Input data START

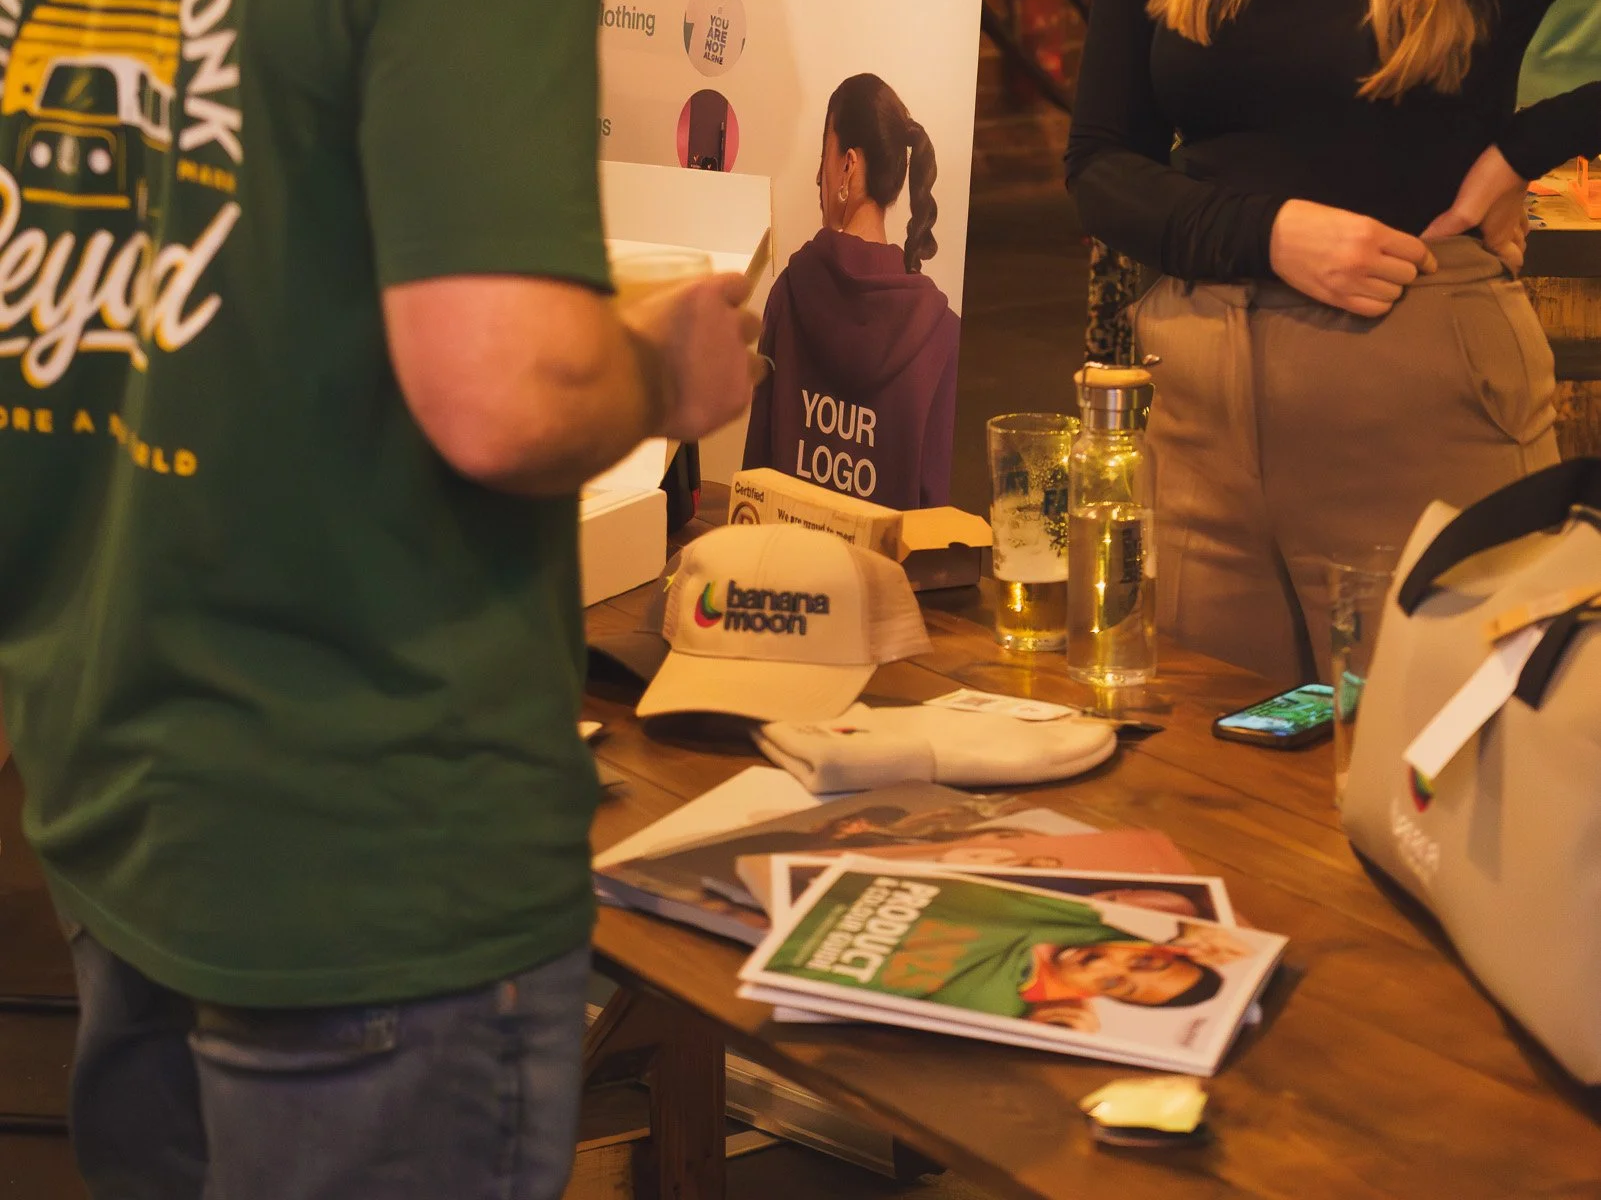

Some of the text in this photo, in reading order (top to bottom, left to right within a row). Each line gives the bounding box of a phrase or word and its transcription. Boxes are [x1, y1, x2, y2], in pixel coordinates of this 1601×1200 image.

[710, 15, 730, 30] YOU
[707, 26, 728, 44] ARE
[704, 39, 726, 56] NOT
[802, 389, 877, 448] YOUR
[796, 439, 877, 497] LOGO
[734, 480, 765, 503] Certified
[726, 579, 829, 615] banana
[724, 610, 807, 636] moon

Input data END

:: Brief ::
From the first line to the last, set down the records exactly, leaving out images.

:: Task output ::
Some of the text in this photo, in reading order (top to bottom, left to right within a row). Each line gives the bounding box of a phrase or word and its transcription. Boxes are [x1, y1, x2, y2], in pixel coordinates of this 1601×1200 image.

[710, 15, 730, 30] YOU
[707, 26, 728, 44] ARE
[704, 39, 726, 56] NOT
[802, 389, 877, 448] YOUR
[796, 439, 877, 497] LOGO
[734, 480, 765, 503] Certified
[726, 579, 829, 615] banana
[724, 610, 807, 636] moon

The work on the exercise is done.